DATA CLEANING (SQL)
About this project
Through the Below SQL queries, the housing
data was thoroughly cleaned, standardized, and prepared for further analysis
or integration into other systems. The project demonstrates proficiency in data cleaning techniques using SQL
and
ensures the dataset's quality and consistency for downstream processes or analysis.
1 - Standardize Date Format:
Used SQL CONVERT function to standardize the date format in the SaleDate column.
Added a new column SaleDateConverted to store the standardized dates.

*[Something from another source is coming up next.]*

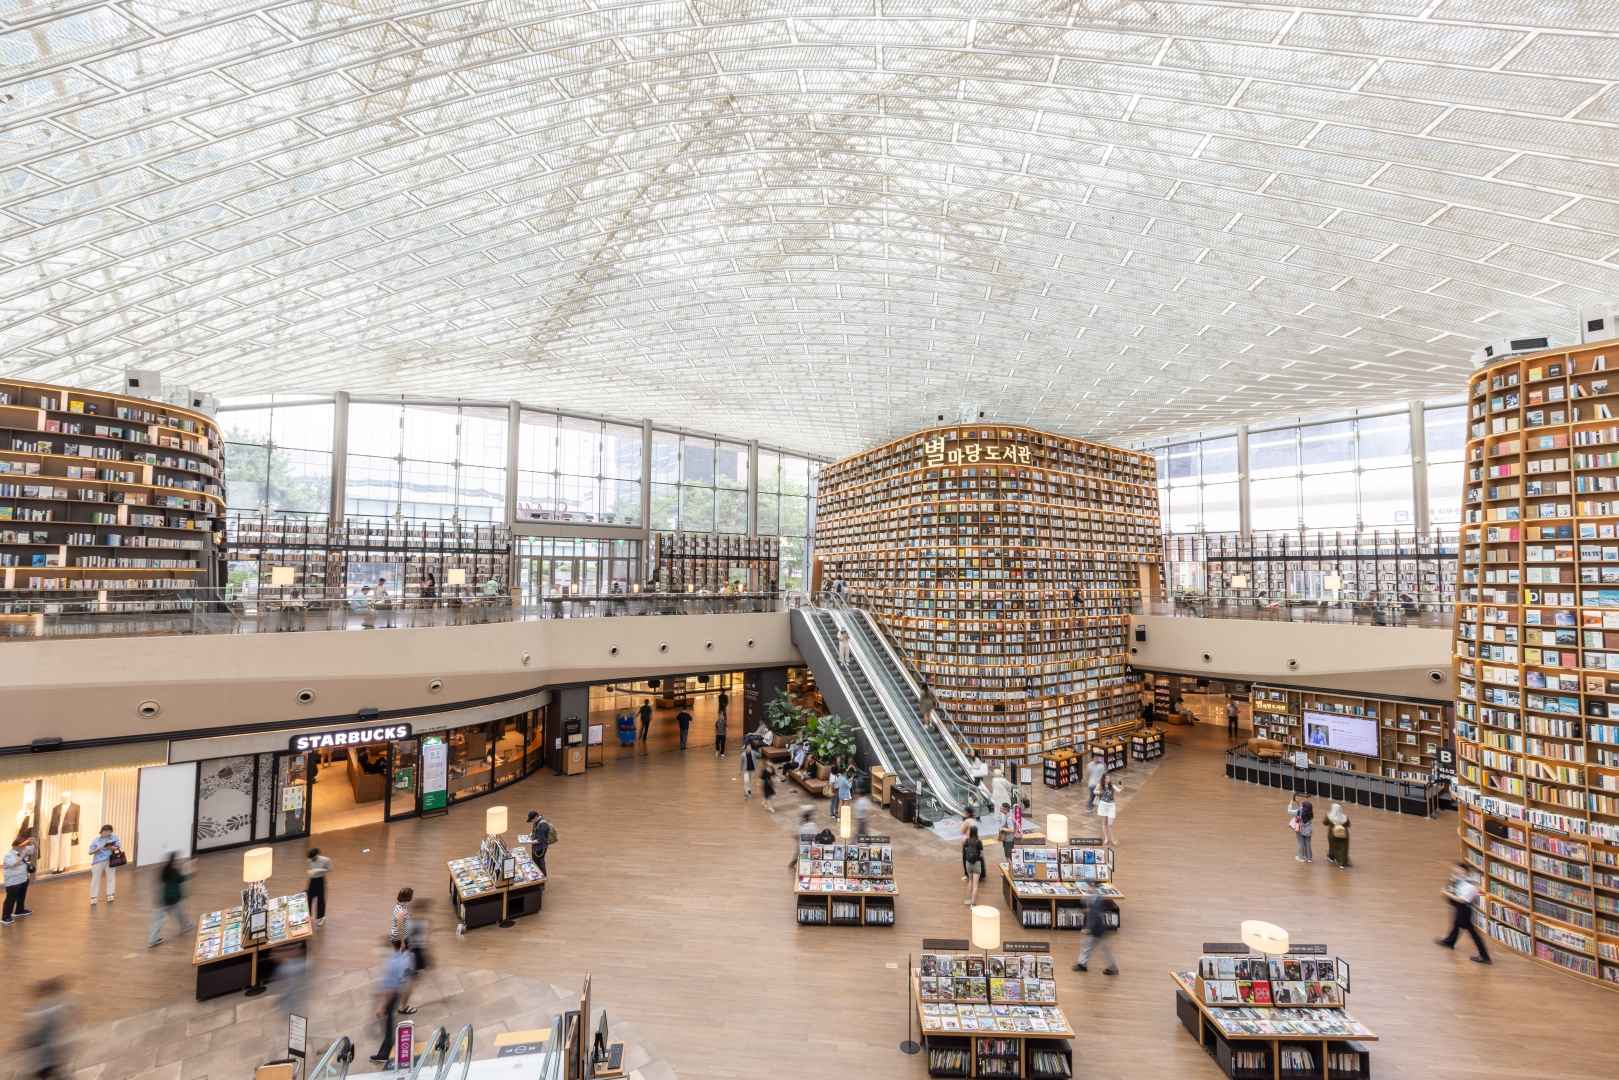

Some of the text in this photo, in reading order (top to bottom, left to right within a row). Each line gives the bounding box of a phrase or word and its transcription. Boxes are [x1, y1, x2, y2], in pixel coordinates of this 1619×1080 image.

2 - Populate Property Address Data:
Filled missing property addresses by joining the dataset with itself based on ParcelID and copying the
non-null property
addresses.
3 - Break Address into Individual Columns:
Split the PropertyAddress column into separate columns for PropertyNumAddress, PropertyCity, and
PropertyState.
Utilized SQL string manipulation functions such as SUBSTRING and CHARINDEX to extract the required
information.
4 - Break Owner Address into Individual Columns:
Similar to the property address, split the OwnerAddress column into OwnerNumAddress, OwnerCity, and OwnerState
columns.
Used the PARSENAME function to parse the address components.

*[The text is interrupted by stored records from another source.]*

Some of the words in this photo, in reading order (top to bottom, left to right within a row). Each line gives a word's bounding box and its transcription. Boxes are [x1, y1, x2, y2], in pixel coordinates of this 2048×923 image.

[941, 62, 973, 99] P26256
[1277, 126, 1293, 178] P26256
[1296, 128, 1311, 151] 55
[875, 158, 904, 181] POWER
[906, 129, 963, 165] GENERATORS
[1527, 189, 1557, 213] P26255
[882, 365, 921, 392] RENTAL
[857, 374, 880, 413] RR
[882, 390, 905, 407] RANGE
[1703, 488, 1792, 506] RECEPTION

5 - Change Y and N to Yes and No:
Converted 'Y' and 'N' values in the SoldAsVacant column to 'Yes' and 'No', respectively, for better
readability.
Implemented using SQL UPDATE statements with conditional logic.
6 - Remove Duplicates:
Eliminated duplicate records based on specific columns (ParcelID, PropertyAddress, SalePrice, SaleDate,
LegalReference)
using a common table expression (CTE) and the ROW_NUMBER() window function.
Deleted duplicate records, keeping only one occurrence of each unique combination.
7 - Delete Unused Columns:
Removed unnecessary columns (SaleDate, PropertyAddress, OwnerAddress) from the dataset to streamline the data
and
improve clarity.
Employed the SQL ALTER TABLE statement with the DROP COLUMN clause to delete the specified columns.